3. You Can Take Small Steps: You do not have to wake up one day and re-design your entire life. Perhaps you start by scheduling in daily walks. Block your calendar just as if those walks are as important as a meeting (I think they are!). Maybe you wake up an hour earlier each day so you can take time to do something just for you. Or create a more flexible schedule to avoid a gnarly commute. Do something. One small step each day gets you aligned with the life you imagine.
Design Your Life As Poetry
I believe life is poetry.
When you live in alignment to your true values, and design your life to focus on them, life becomes poetic. To me poetry is waking up each day on my terms, watching the sunset, walking my dog specifically at rush hour (and not rushing).
Poetry is remembering the things you’d write poetry about.
Maybe it’s:
healthy food
talking until 3am
glorious love
travel
art
beauty
nature
sunsets
water trickling in a stream
the silence of clouds right after a storm
the soft coolness of new sheets
feeling sweaty and elated after a run
9 hours of blissful sleep
a wonderful dinner party
seeing a ladybug after an eclipse (this happened!)
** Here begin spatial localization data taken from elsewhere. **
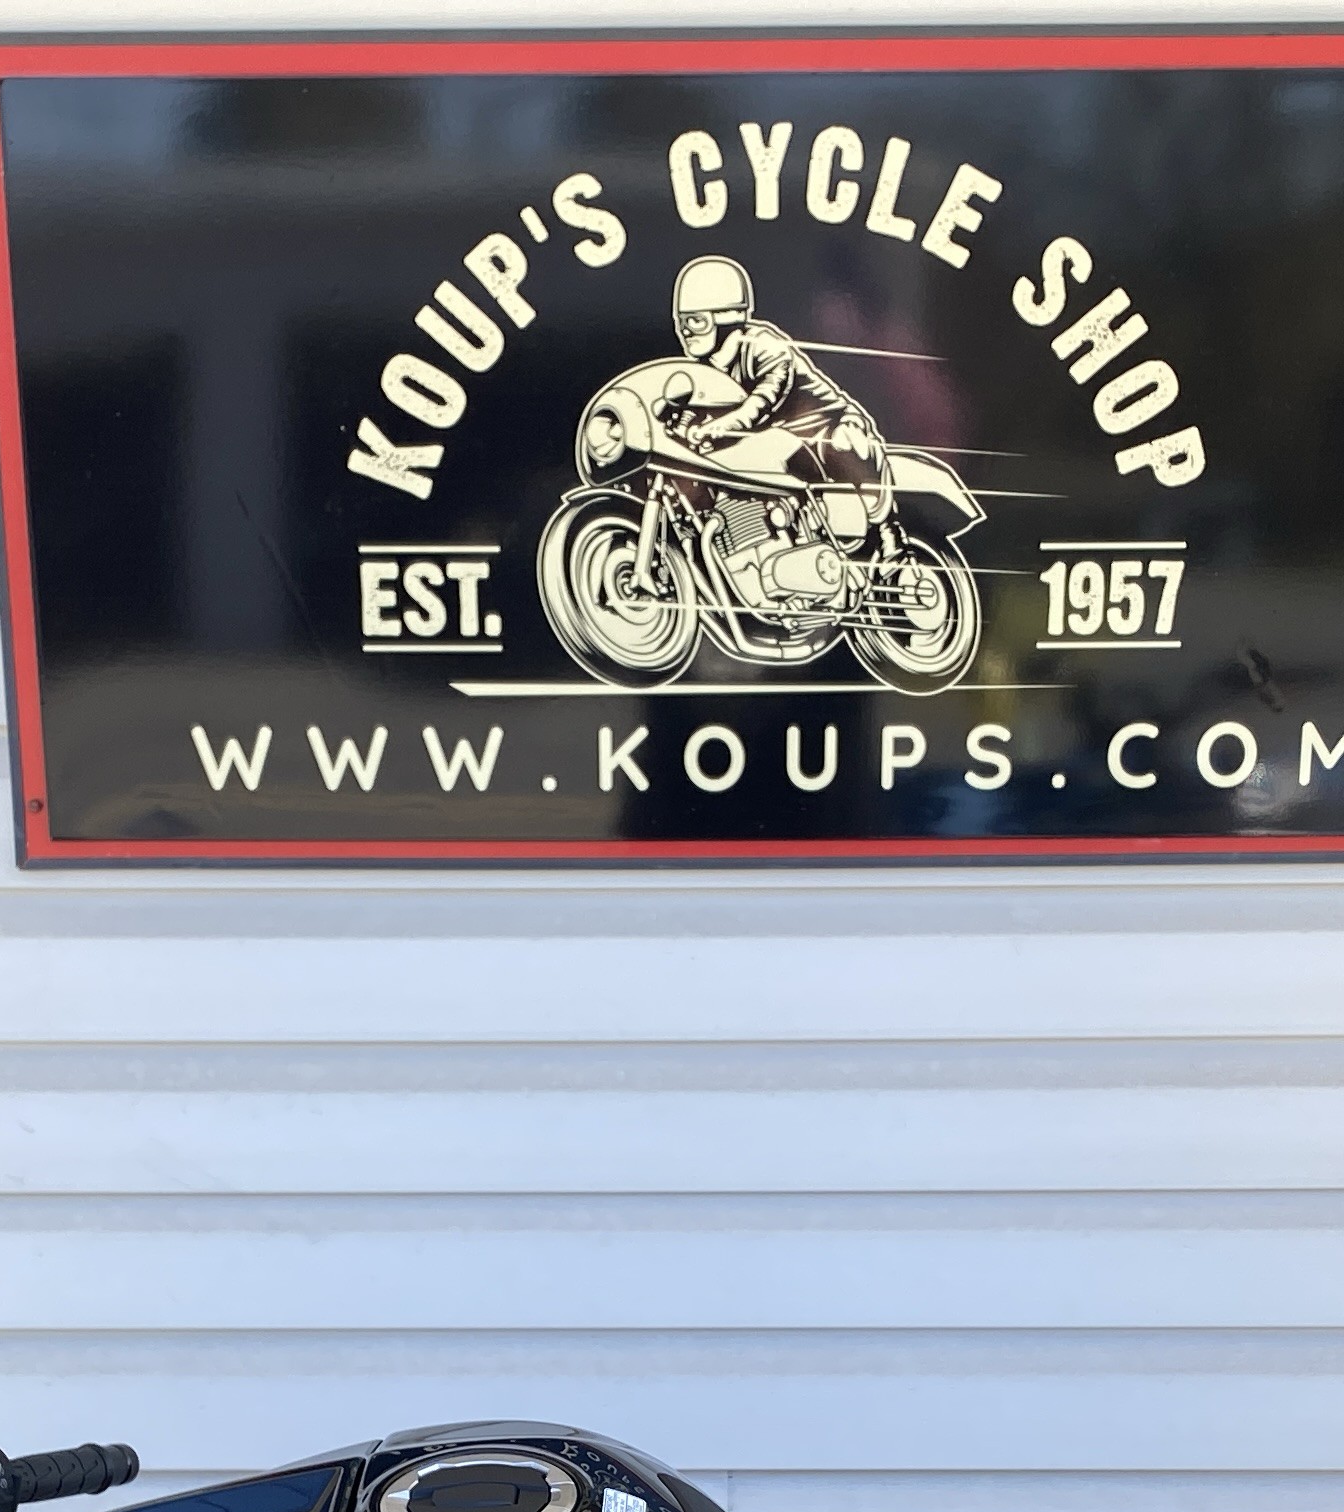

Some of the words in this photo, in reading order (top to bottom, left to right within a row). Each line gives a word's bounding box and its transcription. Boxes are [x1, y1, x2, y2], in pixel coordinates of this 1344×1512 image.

[346, 172, 627, 501] KOUP'S
[668, 121, 1003, 269] CYCLE
[1011, 236, 1207, 488] SHOP
[358, 561, 503, 637] EST.
[1039, 560, 1186, 636] 1957
It MIGHT be the rush hour commute, and it might be something out of Bukowski.
But if its aligned with your true values, it is poetic.
Painting, Peonies, and an 80-Year Old Lady Who Floats Through Life
I had such a beautiful conversation with my friend Kim.
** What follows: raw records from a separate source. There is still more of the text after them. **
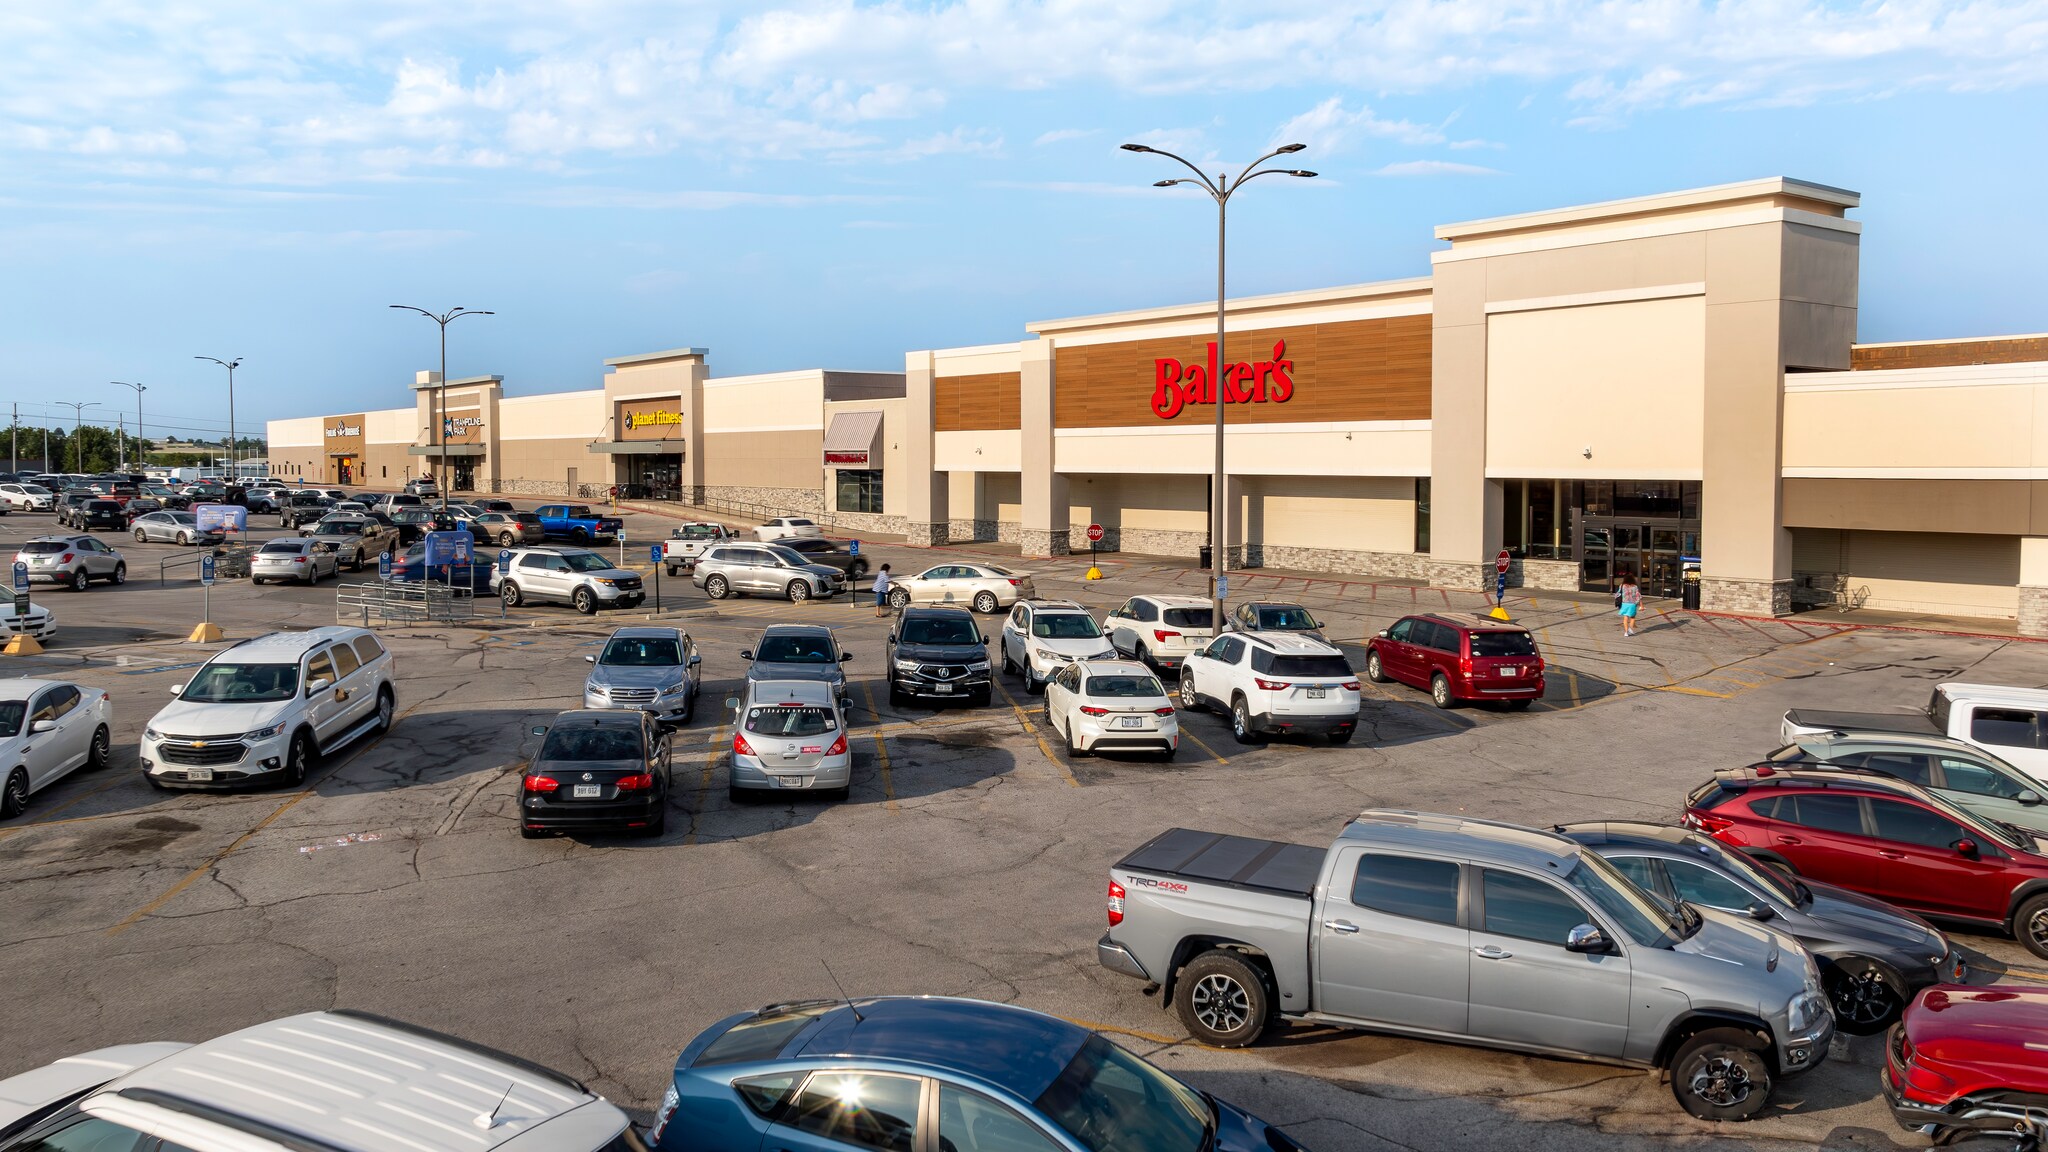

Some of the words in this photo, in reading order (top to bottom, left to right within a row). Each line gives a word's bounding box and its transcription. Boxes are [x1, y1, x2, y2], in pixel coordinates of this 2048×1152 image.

[1151, 339, 1294, 419] Baker's
[453, 417, 481, 427] TRAMPOLINE
[632, 411, 656, 429] planet
[657, 410, 683, 425] fitness
[453, 428, 467, 436] PARK
[1088, 528, 1103, 537] STOP
[1497, 557, 1509, 567] STOP
[1127, 876, 1158, 887] TRD
She was talking about painting with acrylics, visiting a farm and seeing a sea of beautiful fragrant peonies, and getting more plants for her home.
But my favorite part of the conversation was when Kim spoke about hanging with “an 80-year old woman who just floats, a little bubble, a little mince…she’s like a caricature….who presented us with a crystal quartz bowl to smoke with her.”
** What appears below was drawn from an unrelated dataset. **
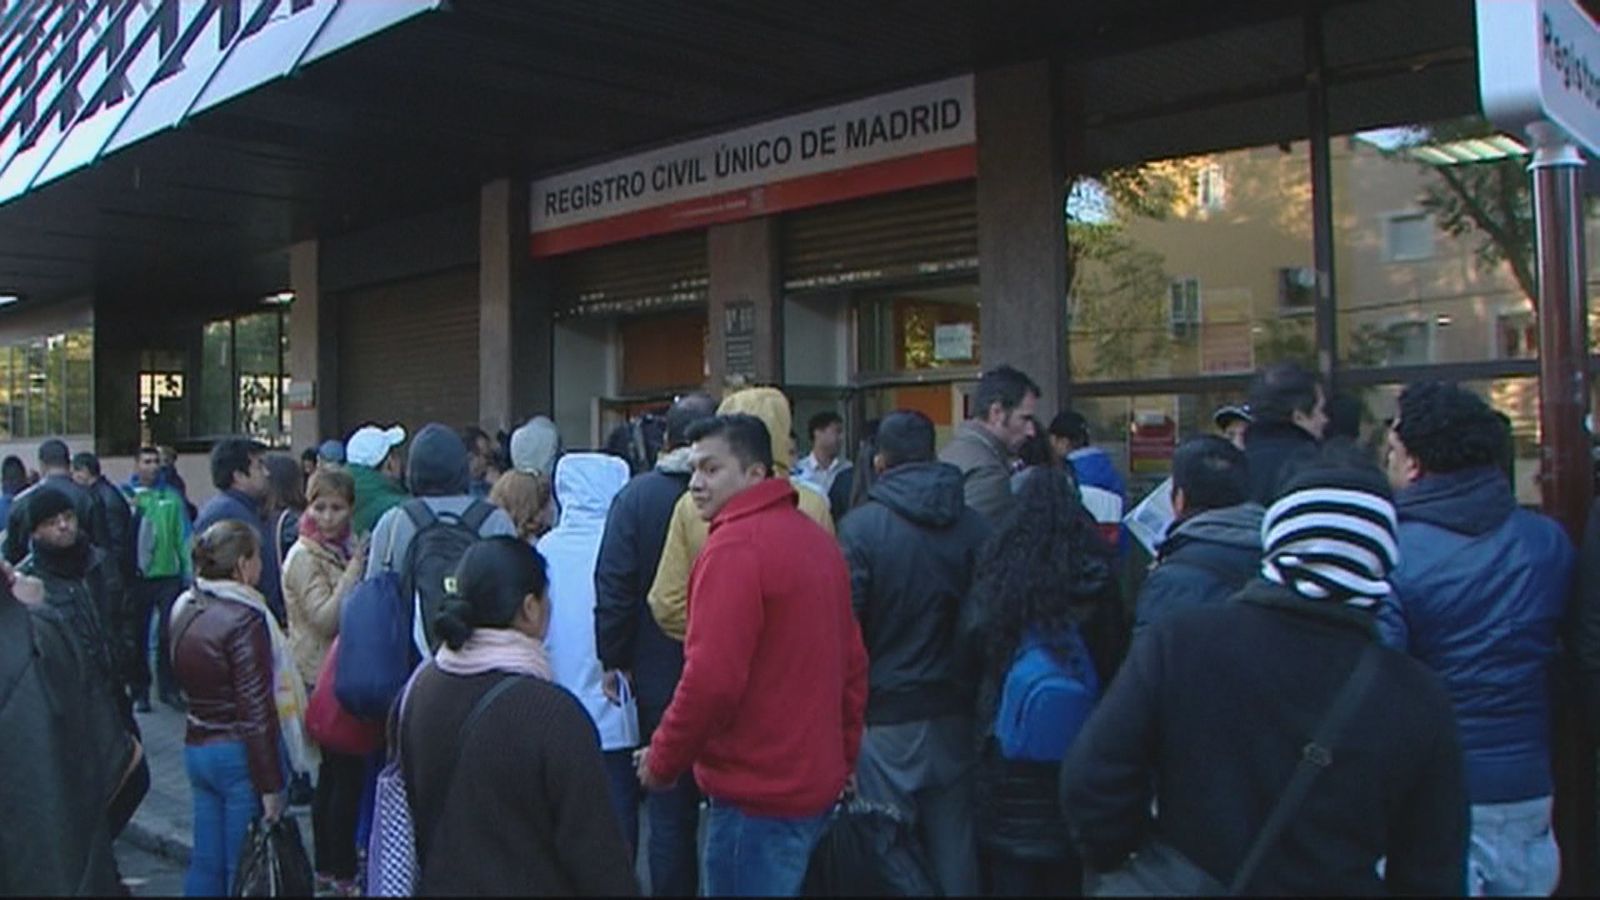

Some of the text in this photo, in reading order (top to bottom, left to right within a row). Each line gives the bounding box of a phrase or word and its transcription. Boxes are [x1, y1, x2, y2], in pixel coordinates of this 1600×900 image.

You can’t even make this up. The universe presented Kim with some real surreal poetry. Kim’s life is something akin to Coleridge or William Blake.
She designed her life to be this way. Kim collects interesting people and adventures.
Purpose is Poetry
I’ve been on a purpose kick lately. It’s because every single time I try to focus on things not aligned with MY purpose, the universe kicks me out of it.
Re-reading my Uncle’s book on living a life of significance gave me new fuel. It was sitting on my bookshelf gathering dust for years; I hadn’t looked at it.
But after my business trip in NYC, where I spent a full day in offices that looked like Tyrell Corp (if you know you know), I drove home and noticed the book. It almost glowed. Glowed! Like something out of a Neil Gaiman novel, some fantasy magic in my apartment.
I saw it in the sunrise, and picked it up, re-read it, and realized I had lost my way.
I was so inspired by his book that I wrote a blog post about finding purpose.
We always DO get the signs we need, but we’re often so busy and get distracted by other things that we push them aside. Or–we justify living a life for other people’s agendas. We justify slogging through the motions of a job we hate. Which then becomes a life we hate.
The Power of A Designed Life
Life is short. Time is precious. These are simple yet poignant and true statements of fact. When I was lying on a hospital bed after surgery, the only thing that mattered was the fact I woke up. The beauty of living.
Our purpose in life–which is unique to us–is our poetry.
We can design our lives around our purpose and have passion every single day. We are the authors of our own great poem.
What’s your poetry?
Have you designed your life? What would a life of poetry and passion look like for you?